L’autre jour, en flânant dans Paris, je suis tombé sur un SDF absorbé par la lecture d’un livre. Oui, cela se remarque, à Paris, la culture s’est démocratisée, elle n’est plus l’apanage des seuls clercs. Elle irrigue jusqu’aux petites gens, parmi les plus démunies et les plus délaissées.
La posture du SDF qui lit, buste incliné, presque couché sur un banc public, suggérait qu’il tenait entre les mains un de ces bouquins à l’eau de rose, un Harlequin, peut-être. J’engage la conversation avec lui. Eh bien, je n’en reviens pas lorsqu’il me montra la première de couverture : Les lois fondamentales de la stupidité humaine, de l’auteur italien Carlo Maria Cipolla.
C’est un opuscule publié en 2011 dont je n’ai jamais entendu parler. Je suis allé très rapidement le chercher en librairie. On en parcourt les pages avec avidité. Ça diffère du principe de Peter qui s’applique au monde du travail. Principe selon lequel tout employé est appelé à s’élever à son niveau d’incompétence. En revanche, le texte de Cipolla est une démonstration que l’humanité est dominée par les stupides et les non stupides.
La thèse est illustrée par des schémas représentant l’axe des abscisses et des ordonnées. Ça permet une replongée dans les cours de mathématiques qu’on a eus jadis au collège. Le genre humain stupide se répartirait en stupides proprement dits, en crétins et en bandits. Ce qui me rassure c’est que la stupidité représente dans chaque société humaine la même proportion d’individus.

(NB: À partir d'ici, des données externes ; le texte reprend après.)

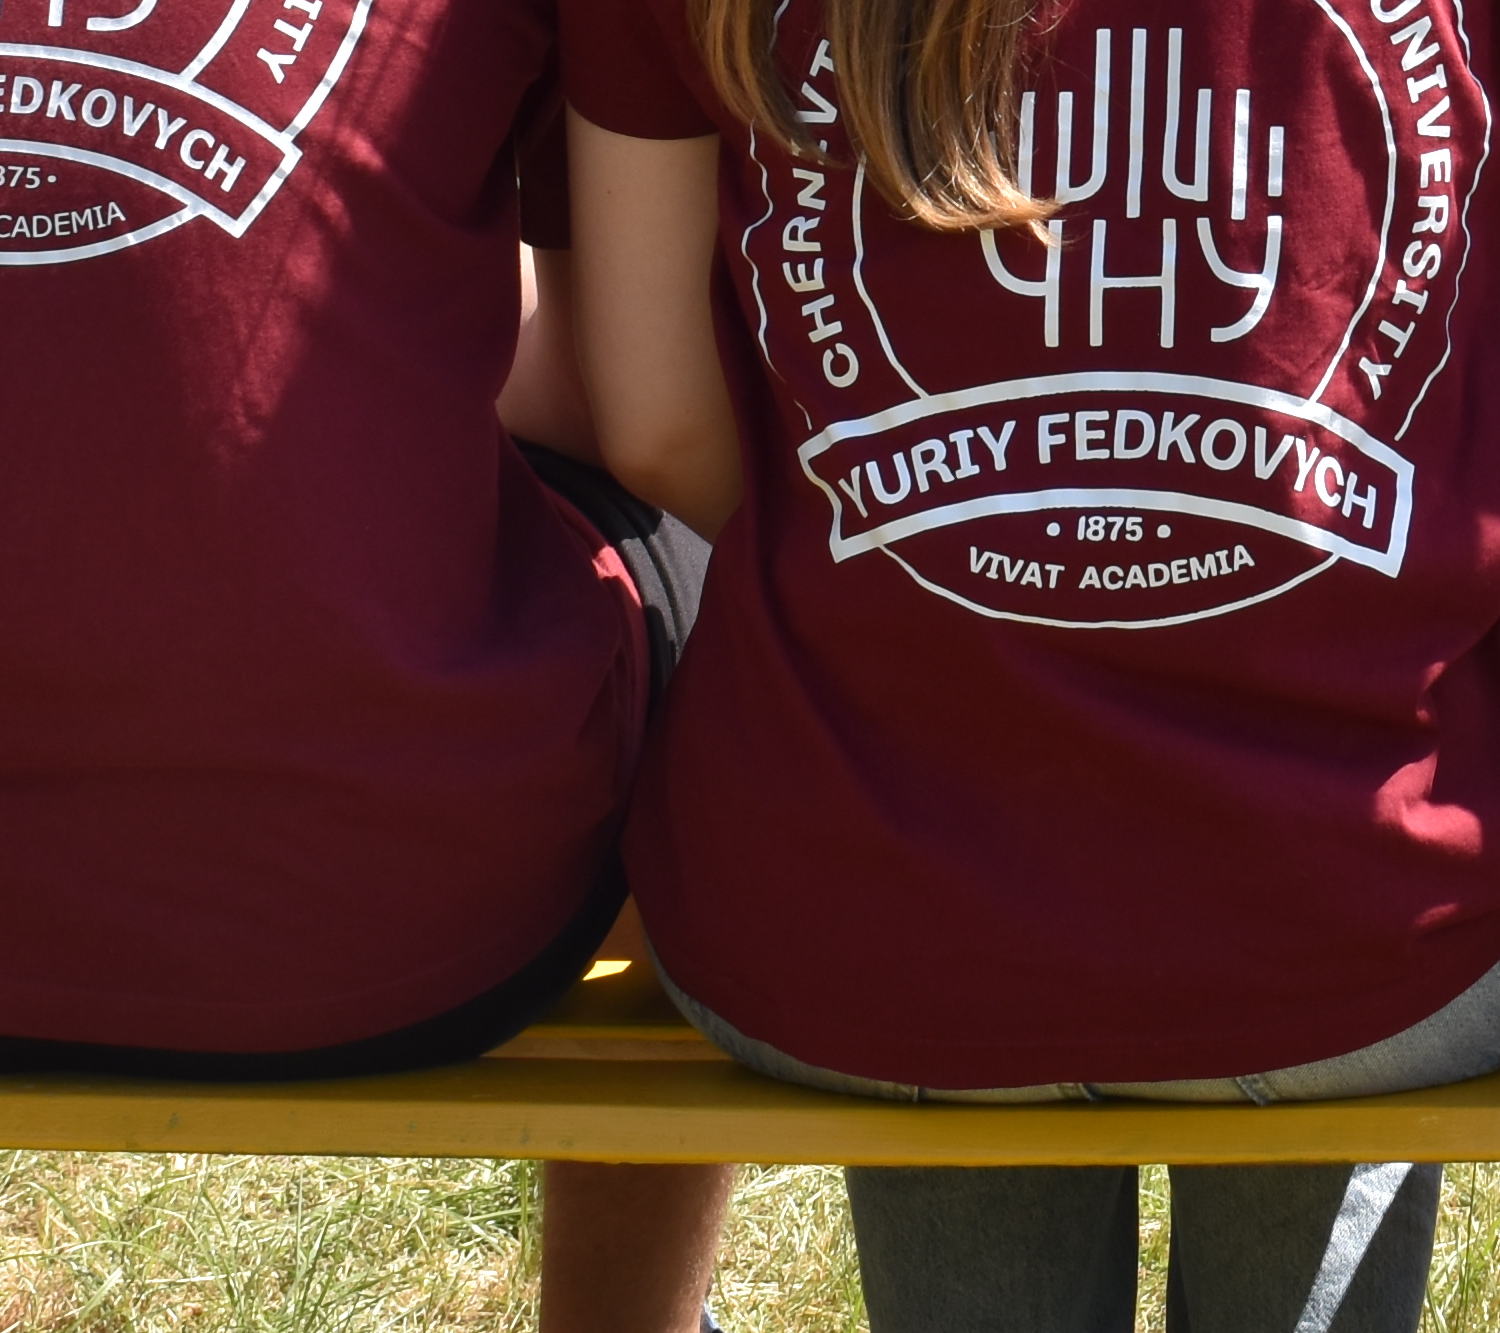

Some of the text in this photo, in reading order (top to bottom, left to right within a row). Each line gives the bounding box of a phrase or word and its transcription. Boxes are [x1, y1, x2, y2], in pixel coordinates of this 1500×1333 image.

[837, 410, 1377, 530] YURIY FEDKOVYCH
[1076, 515, 1143, 542] 1875
[968, 544, 1256, 590] VIVAT ACADEMIA

Qu’on vive dans un pays industriel ou dans un pays sous-développé, on retrouve le même pourcentage de gens stupides. On y apprend donc que le nombre de stupides est proportionnel à celui de la population. On y apprend aussi que la stupidité touche, en fait, les deux sexes avec toujours le même pourcentage quoique les hommes stupides sont légèrement plus nombreux que les femmes stupides. Ceci du fait de la démographie qui est à l’avantage des premiers.
Si on devait créer une nouvelle science que je me propose d’appeler la “stupidité appliquée”, il est aisé d’y dégager la loi suivante : le succès de la démocratie euro-américaine tient au fait qu’elle parvient – avec plus ou moins de bonheur – à neutraliser la composante stupide de sa population.

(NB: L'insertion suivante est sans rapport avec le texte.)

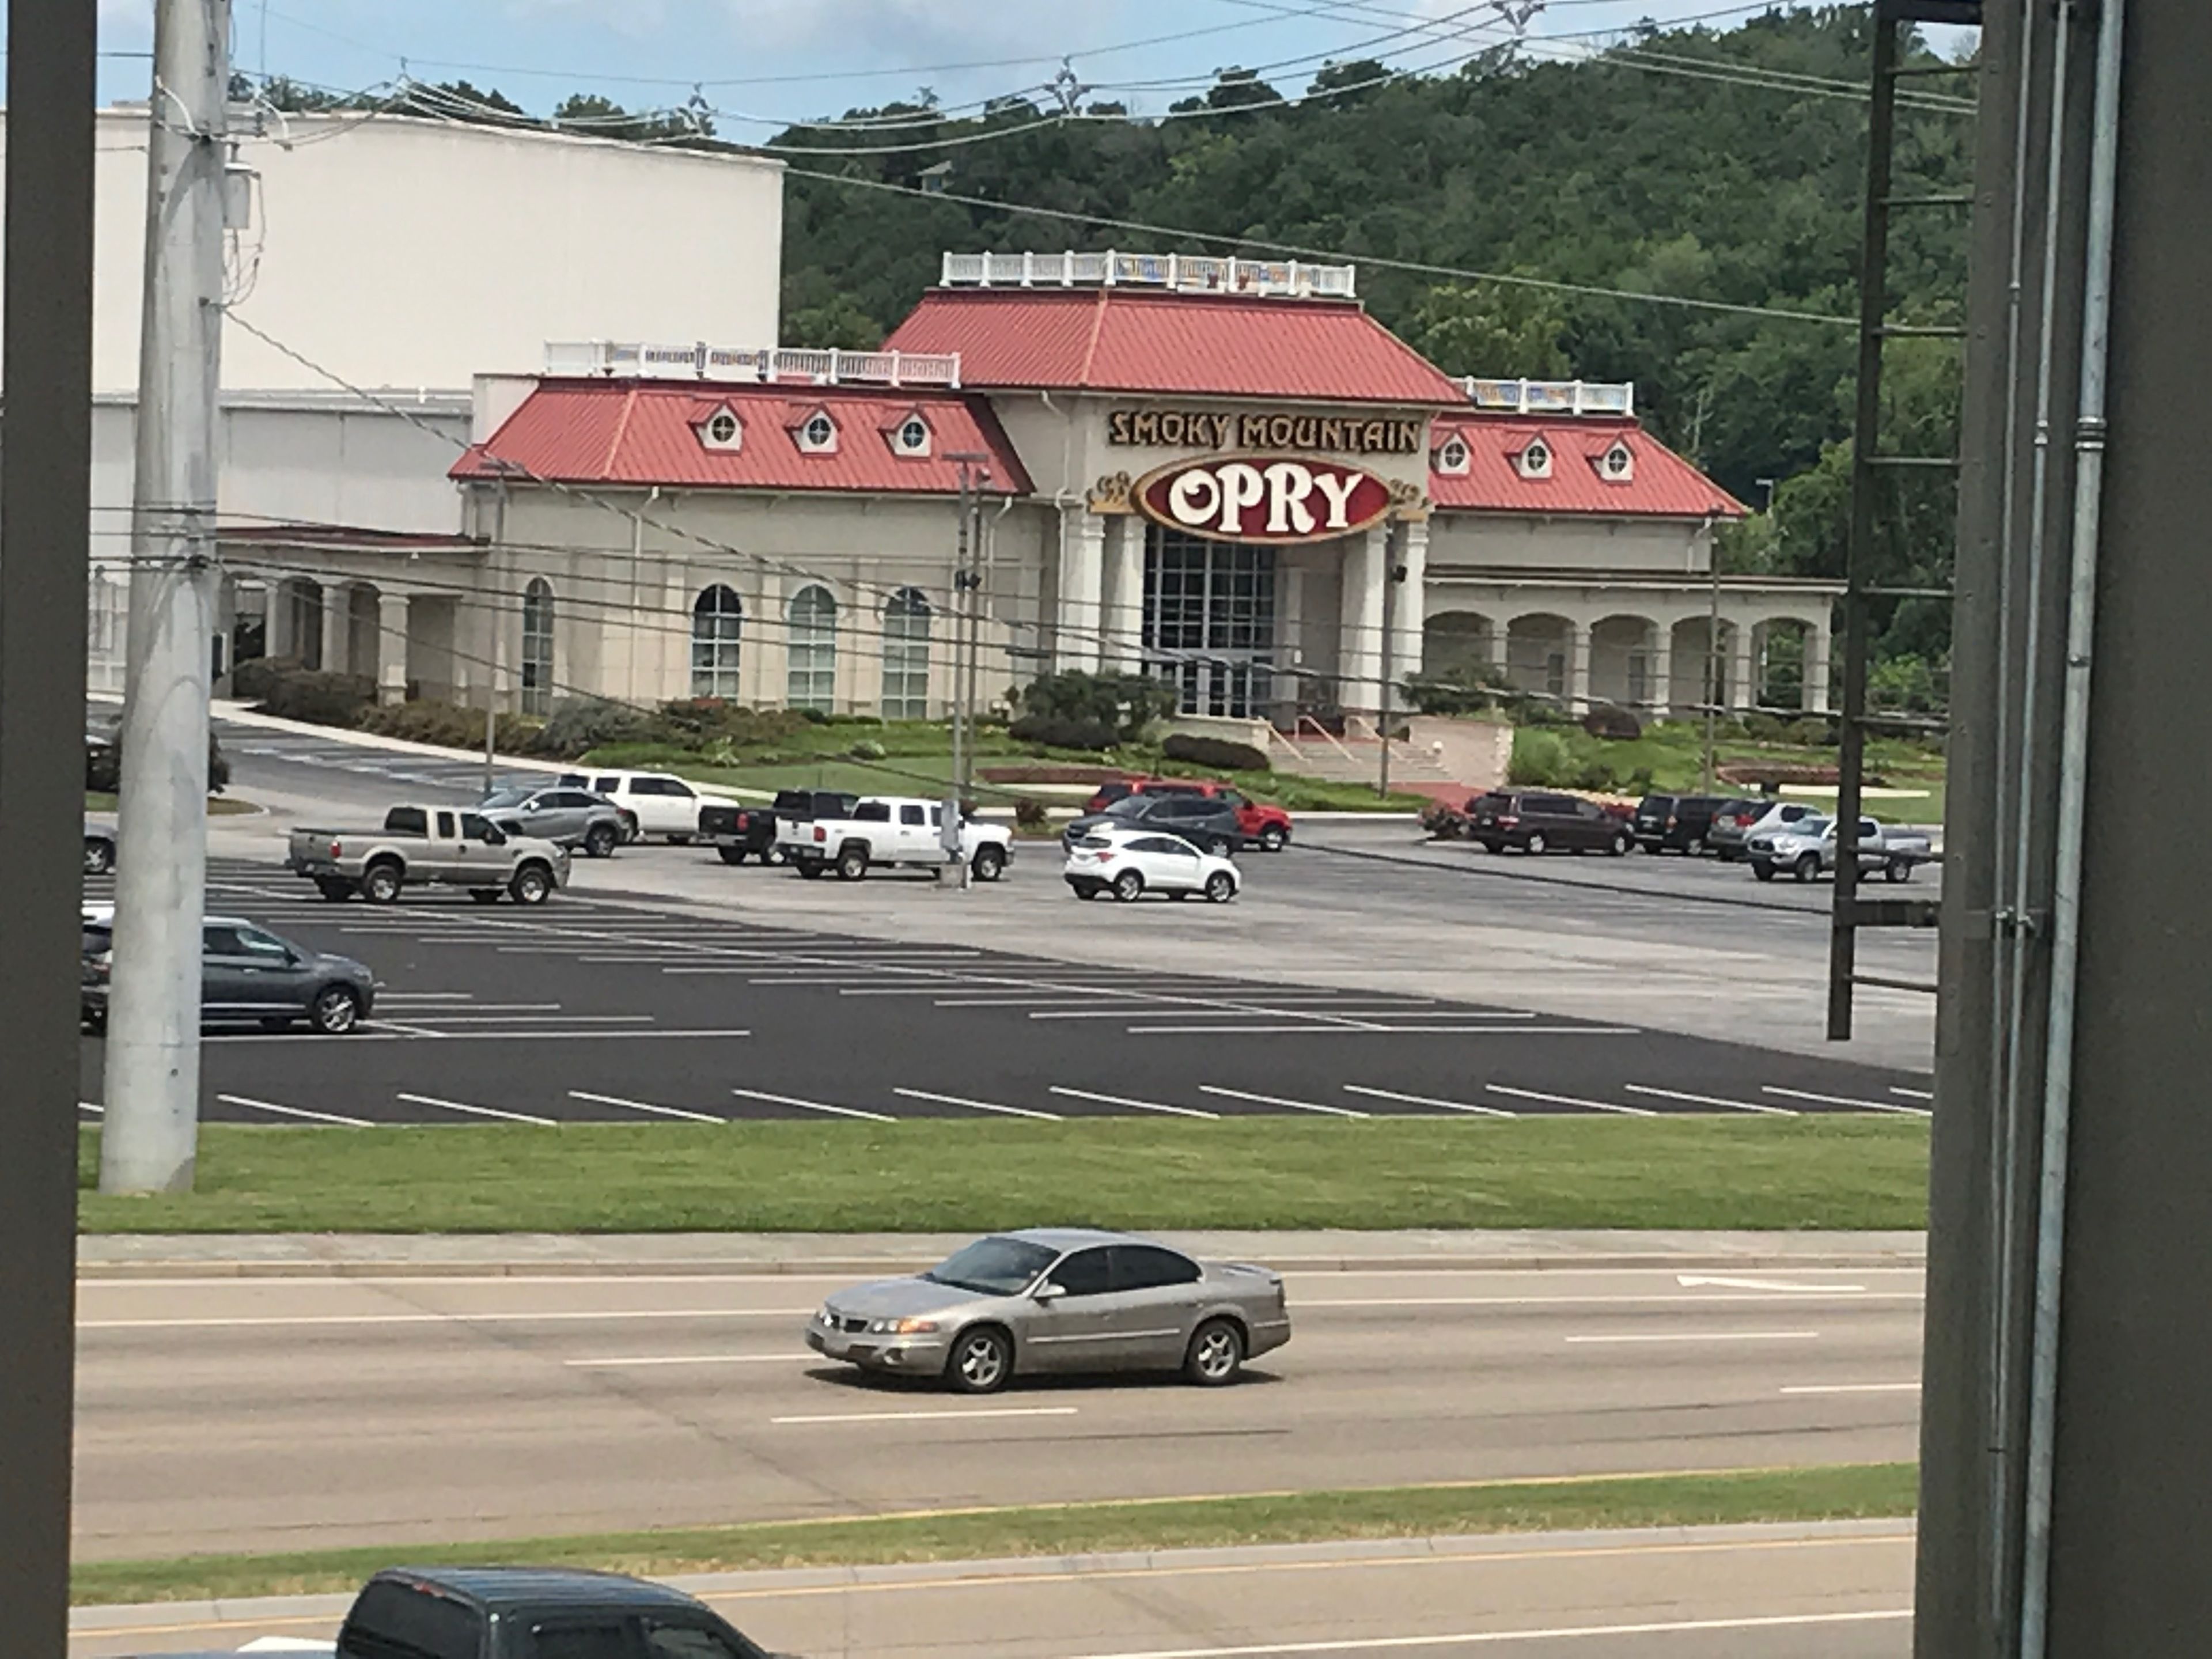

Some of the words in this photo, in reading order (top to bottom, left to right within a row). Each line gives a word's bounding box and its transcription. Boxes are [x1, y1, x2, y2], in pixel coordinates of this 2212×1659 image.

Les électeurs avertis mènent campagne contre les acteurs susceptibles de nuire à l’intérêt général. En un mot, ce sont les gens normaux, c’est-à-dire ceux qui ne sont ni stupides, ni crétins, ni bandits, qui empêchent les êtres stupides de sévir.
Sous d’autres cieux, l’organisation d’élections truquées, comme en savent faire les régimes policiers, empêche la matière grise de remonter vers le haut. C’est, du reste, souvent sous l’angle de la stupidité que le Hirak algérien (le mouvement de protestation qui agite l’Algérie depuis février 2019) dénonce la nomenklatura militaire qui détient les rênes du pouvoir politique, économique et financier.
Cette nomenklatura semble avoir trouvé goût, depuis Bouteflika, à introniser des présidents potiches “proches du cercueil” pour reprendre les termes d’un hirakiste de la Place de la République, l’agora parisienne où chaque dimanche les Algériens de la diaspora se donnent rendez-vous pour apporter leur soutien au soulèvement algérien.
L’on s’y était beaucoup amusés ce week-end à commenter la récente désignation à la tête du Sénat d’un apparatchik de 91 ans. La rumeur dit qu’il souffre de la maladie d’Alzheimer. Cela promet, car c’est la garantie que l’actuel chef de l’État, qui ne s’est pas encore remis de sa maladie, est susceptible d’être remplacé par plus malade que lui.